Task
Only the line containing "this 1702×1276 image." and the lines after it, through the end of the entries, should be output exactly.

[Dataset entries]
------------------------------------------------------------------------

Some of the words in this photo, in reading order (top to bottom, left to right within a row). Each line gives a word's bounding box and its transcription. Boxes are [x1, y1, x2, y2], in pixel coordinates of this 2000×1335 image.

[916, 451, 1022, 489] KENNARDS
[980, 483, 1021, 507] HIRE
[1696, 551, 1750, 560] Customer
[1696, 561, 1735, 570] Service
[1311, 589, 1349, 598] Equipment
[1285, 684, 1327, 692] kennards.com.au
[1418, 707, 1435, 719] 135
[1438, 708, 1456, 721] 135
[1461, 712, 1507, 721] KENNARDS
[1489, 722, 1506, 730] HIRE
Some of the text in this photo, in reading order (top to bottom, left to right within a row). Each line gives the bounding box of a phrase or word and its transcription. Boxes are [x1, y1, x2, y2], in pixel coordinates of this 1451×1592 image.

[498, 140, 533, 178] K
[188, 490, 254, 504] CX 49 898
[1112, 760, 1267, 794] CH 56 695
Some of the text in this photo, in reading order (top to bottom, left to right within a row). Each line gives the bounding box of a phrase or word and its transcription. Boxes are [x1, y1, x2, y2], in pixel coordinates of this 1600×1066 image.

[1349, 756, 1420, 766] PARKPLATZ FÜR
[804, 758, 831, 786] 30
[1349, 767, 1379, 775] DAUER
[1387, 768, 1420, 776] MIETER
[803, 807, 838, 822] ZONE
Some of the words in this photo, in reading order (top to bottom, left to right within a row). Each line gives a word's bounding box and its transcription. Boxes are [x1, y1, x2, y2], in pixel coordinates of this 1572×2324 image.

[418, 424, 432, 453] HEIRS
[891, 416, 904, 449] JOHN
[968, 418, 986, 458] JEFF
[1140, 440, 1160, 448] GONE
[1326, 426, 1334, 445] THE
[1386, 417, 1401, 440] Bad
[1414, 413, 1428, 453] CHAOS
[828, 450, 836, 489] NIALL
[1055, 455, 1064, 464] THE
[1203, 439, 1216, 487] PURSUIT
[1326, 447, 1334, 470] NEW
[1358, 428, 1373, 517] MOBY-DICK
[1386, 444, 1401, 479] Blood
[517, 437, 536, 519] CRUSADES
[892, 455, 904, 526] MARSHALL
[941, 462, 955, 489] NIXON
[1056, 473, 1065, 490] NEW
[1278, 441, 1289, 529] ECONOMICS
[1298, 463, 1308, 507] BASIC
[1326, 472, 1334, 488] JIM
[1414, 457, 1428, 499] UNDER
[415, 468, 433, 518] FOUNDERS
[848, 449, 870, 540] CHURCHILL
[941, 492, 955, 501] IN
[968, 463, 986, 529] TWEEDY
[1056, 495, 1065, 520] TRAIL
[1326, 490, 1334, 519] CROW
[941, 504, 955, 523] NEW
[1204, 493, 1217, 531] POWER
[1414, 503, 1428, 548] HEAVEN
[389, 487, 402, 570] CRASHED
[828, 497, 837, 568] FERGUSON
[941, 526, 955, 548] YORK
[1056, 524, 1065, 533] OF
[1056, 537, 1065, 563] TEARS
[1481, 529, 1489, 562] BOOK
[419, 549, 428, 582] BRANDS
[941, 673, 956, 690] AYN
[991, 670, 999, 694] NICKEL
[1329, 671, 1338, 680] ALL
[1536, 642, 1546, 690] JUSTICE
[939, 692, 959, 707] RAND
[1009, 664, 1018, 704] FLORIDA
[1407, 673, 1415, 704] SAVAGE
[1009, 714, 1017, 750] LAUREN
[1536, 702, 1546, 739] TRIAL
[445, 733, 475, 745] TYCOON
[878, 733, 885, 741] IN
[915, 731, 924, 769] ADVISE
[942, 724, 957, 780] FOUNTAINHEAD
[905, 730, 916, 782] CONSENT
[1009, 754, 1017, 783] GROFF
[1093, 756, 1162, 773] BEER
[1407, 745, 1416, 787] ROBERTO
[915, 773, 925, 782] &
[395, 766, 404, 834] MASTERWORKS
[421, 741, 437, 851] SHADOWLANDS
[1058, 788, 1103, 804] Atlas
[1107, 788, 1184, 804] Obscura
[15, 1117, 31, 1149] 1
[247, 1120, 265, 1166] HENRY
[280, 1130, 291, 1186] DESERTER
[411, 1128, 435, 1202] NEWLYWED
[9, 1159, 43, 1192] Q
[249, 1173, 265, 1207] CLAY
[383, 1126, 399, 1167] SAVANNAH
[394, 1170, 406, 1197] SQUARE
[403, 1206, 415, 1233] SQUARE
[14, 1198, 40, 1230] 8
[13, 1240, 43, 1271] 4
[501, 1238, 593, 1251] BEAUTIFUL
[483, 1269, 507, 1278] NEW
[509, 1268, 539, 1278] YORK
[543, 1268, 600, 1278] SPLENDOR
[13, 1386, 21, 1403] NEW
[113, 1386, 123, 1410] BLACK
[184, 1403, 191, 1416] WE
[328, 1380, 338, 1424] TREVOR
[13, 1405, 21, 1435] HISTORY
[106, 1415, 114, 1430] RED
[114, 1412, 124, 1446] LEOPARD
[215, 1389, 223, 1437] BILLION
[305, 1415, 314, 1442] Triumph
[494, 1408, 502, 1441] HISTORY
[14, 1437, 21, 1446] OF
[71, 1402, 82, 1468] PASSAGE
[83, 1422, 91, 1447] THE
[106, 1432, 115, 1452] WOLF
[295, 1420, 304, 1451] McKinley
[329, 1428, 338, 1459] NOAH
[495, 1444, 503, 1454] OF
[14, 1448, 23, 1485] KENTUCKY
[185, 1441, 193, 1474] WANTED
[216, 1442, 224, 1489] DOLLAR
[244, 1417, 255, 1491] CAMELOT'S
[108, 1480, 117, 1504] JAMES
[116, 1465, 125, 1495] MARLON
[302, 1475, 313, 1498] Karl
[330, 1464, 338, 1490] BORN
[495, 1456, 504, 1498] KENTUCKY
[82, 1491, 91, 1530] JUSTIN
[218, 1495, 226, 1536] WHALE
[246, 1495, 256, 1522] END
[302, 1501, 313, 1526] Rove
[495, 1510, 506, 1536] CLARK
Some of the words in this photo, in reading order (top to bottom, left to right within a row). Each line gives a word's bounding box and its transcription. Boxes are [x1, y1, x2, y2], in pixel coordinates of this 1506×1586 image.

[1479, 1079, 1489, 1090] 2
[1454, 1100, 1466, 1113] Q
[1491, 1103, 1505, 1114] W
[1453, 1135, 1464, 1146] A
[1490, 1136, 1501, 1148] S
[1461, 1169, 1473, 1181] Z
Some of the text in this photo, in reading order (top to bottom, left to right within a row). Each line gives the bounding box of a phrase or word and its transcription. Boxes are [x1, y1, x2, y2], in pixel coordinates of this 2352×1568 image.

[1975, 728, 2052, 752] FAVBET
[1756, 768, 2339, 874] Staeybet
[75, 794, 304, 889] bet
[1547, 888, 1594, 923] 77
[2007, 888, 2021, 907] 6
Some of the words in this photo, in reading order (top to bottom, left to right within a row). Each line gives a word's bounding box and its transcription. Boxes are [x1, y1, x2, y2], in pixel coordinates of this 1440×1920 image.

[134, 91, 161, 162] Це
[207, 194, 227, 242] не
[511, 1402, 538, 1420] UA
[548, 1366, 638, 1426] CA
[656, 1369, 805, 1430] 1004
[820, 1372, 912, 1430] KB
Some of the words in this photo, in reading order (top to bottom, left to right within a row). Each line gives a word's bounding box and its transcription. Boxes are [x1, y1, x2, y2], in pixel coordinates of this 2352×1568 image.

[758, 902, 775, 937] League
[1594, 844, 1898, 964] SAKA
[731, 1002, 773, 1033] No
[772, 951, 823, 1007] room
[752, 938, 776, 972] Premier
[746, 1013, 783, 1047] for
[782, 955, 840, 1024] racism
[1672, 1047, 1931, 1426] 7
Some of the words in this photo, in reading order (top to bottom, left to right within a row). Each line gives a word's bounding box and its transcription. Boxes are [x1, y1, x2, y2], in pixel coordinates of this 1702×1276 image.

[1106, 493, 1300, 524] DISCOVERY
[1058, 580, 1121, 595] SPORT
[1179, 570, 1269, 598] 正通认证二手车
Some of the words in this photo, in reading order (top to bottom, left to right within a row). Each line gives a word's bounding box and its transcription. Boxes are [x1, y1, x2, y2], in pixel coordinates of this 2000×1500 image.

------------------------------------------------------------------------

Written response
Some of the words in this photo, in reading order (top to bottom, left to right within a row). Each line gives a word's bounding box and its transcription. Boxes are [x1, y1, x2, y2], in pixel coordinates of this 1702×1276 image.

[1106, 493, 1300, 524] DISCOVERY
[1058, 580, 1121, 595] SPORT
[1179, 570, 1269, 598] 正通认证二手车
Some of the words in this photo, in reading order (top to bottom, left to right within a row). Each line gives a word's bounding box and its transcription. Boxes are [x1, y1, x2, y2], in pixel coordinates of this 2000×1500 image.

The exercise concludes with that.